Can You Actually Trust It?

You almost never can trust AI with anything — everything comes down to reviews, harness, and diligence.

UI is my only exception — if it looks OK, I accept it. But I don’t build UIs for work or for anything serious, so my bar is low there. Anything else has to be treated with the utmost care.

Technical debt will bury you if you don’t keep things under control. And sensitive code and credentials require even more discipline than before — if you kept your secrets in a repo before, you will have an even bigger problem now.

Where This Goes

I honestly don’t know how people will get enough expertise to use AI reliably in the future. Learning from more experienced colleagues is now more important than ever. And leaving juniors without supervision is more dangerous than ever. The fundamentals that let you judge whether AI output makes sense — those still need to come from somewhere.

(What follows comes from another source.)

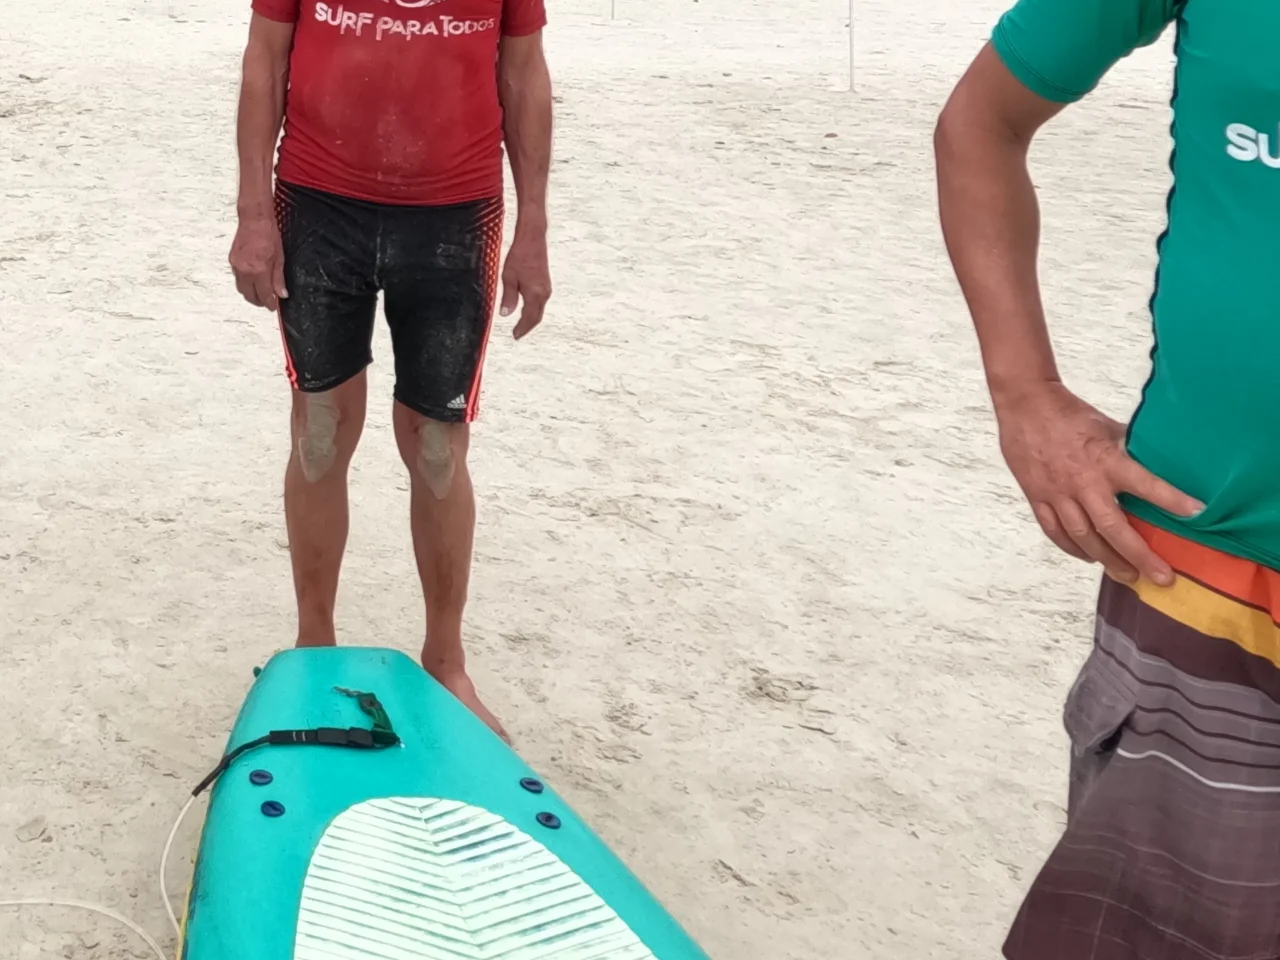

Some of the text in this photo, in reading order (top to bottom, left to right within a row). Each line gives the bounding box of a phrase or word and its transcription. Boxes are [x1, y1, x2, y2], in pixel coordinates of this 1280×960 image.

[314, 2, 495, 41] SURF PARA TODOS
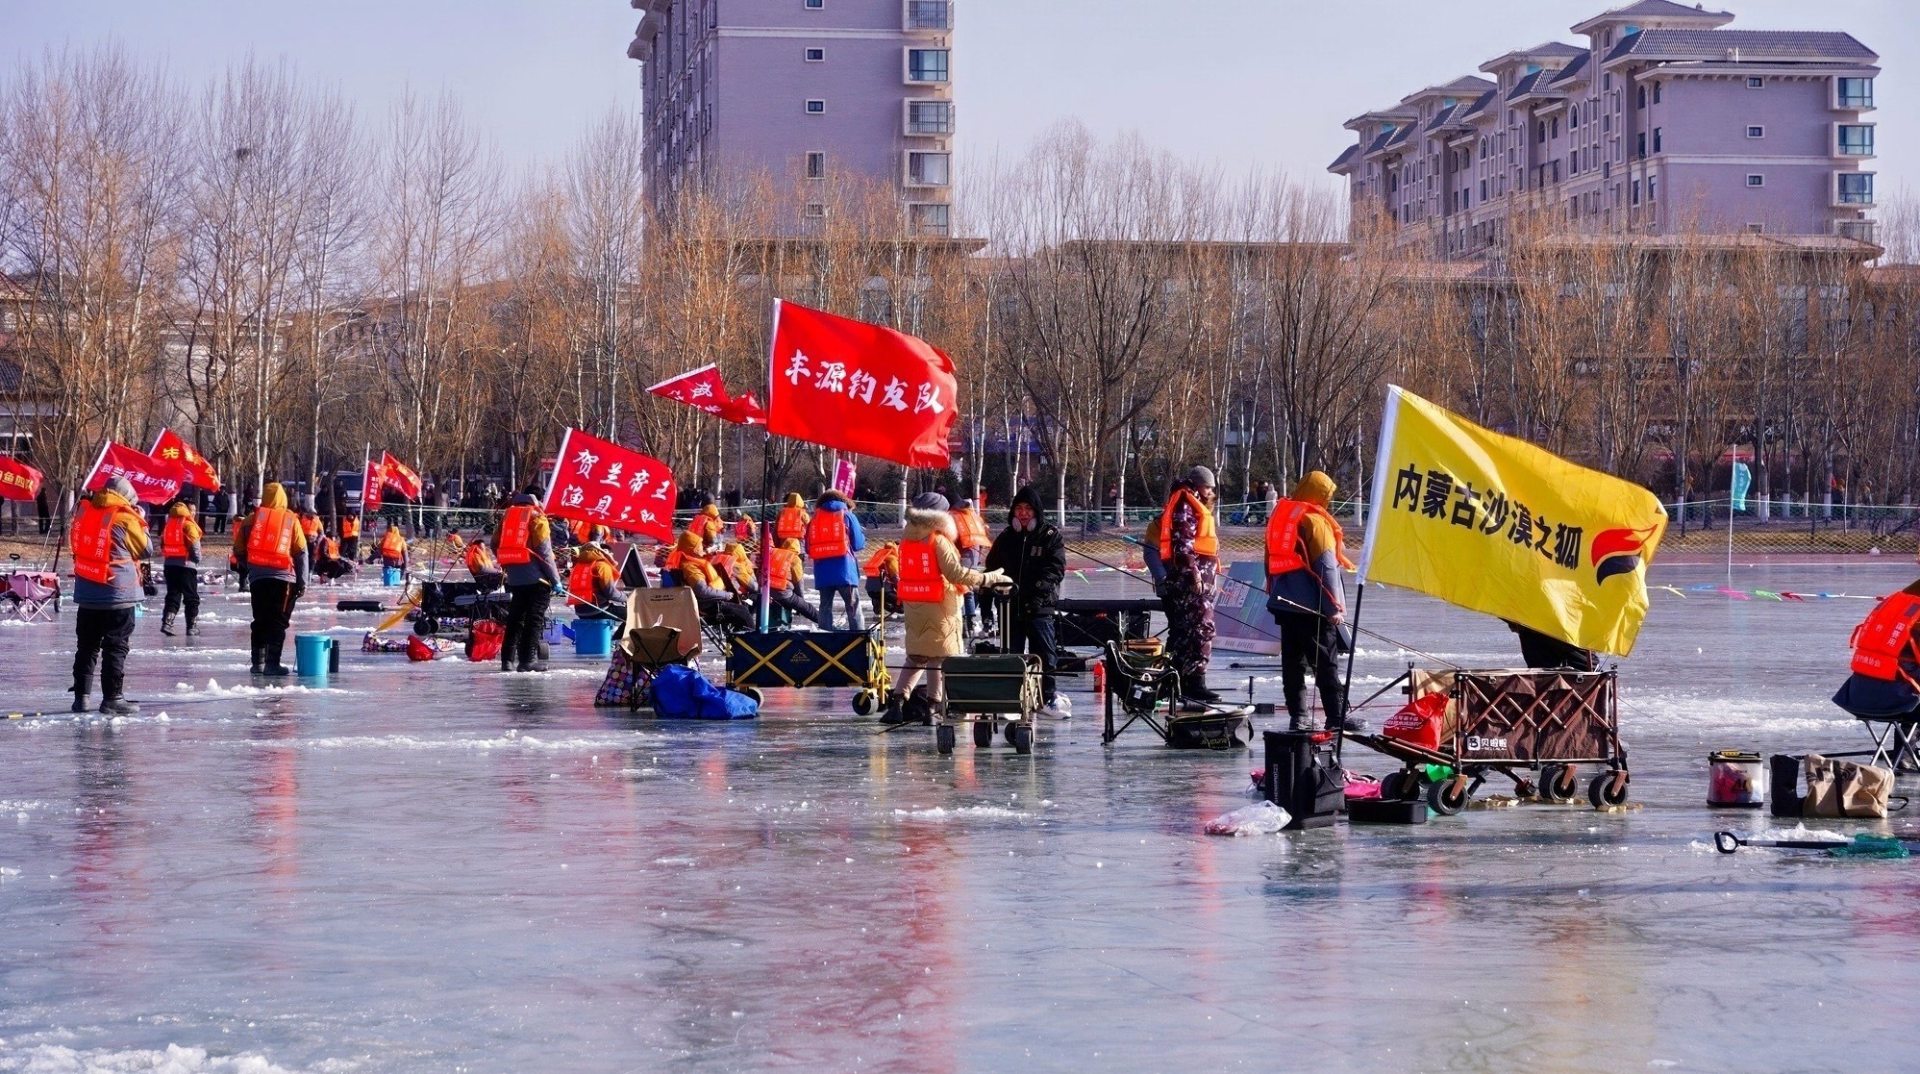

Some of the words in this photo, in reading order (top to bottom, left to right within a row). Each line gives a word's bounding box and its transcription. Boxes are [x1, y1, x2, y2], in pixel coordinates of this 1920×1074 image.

[785, 349, 944, 414] 丰源钓友队
[1392, 463, 1583, 570] 内蒙古沙漠之狐

And a friendly advice from me: don’t follow the hype. AI is here to stay, and it’s transforming how we build software but don’t jump on every new thing. I ignored Copilot, Cursor, Google Gemini, Ollama, local models, early Claude Code and other tools for a long time. I’m currently ignoring Moltbook (OpenClaw). You have limited time and resources in your day. Using tools when they become “boring”, mainstream, proven — is usually the most effective strategy.

If you’re a developer on the fence about AI tooling: it works, it’s not hype, but it requires a different kind of vigilance than writing code yourself, and it’s a new skill you have to build.

The shift is real though. We are going from typing code to writing designs, from crafting to directing, from coding to shipping. I’m still adapting, but I’m delivering more than ever.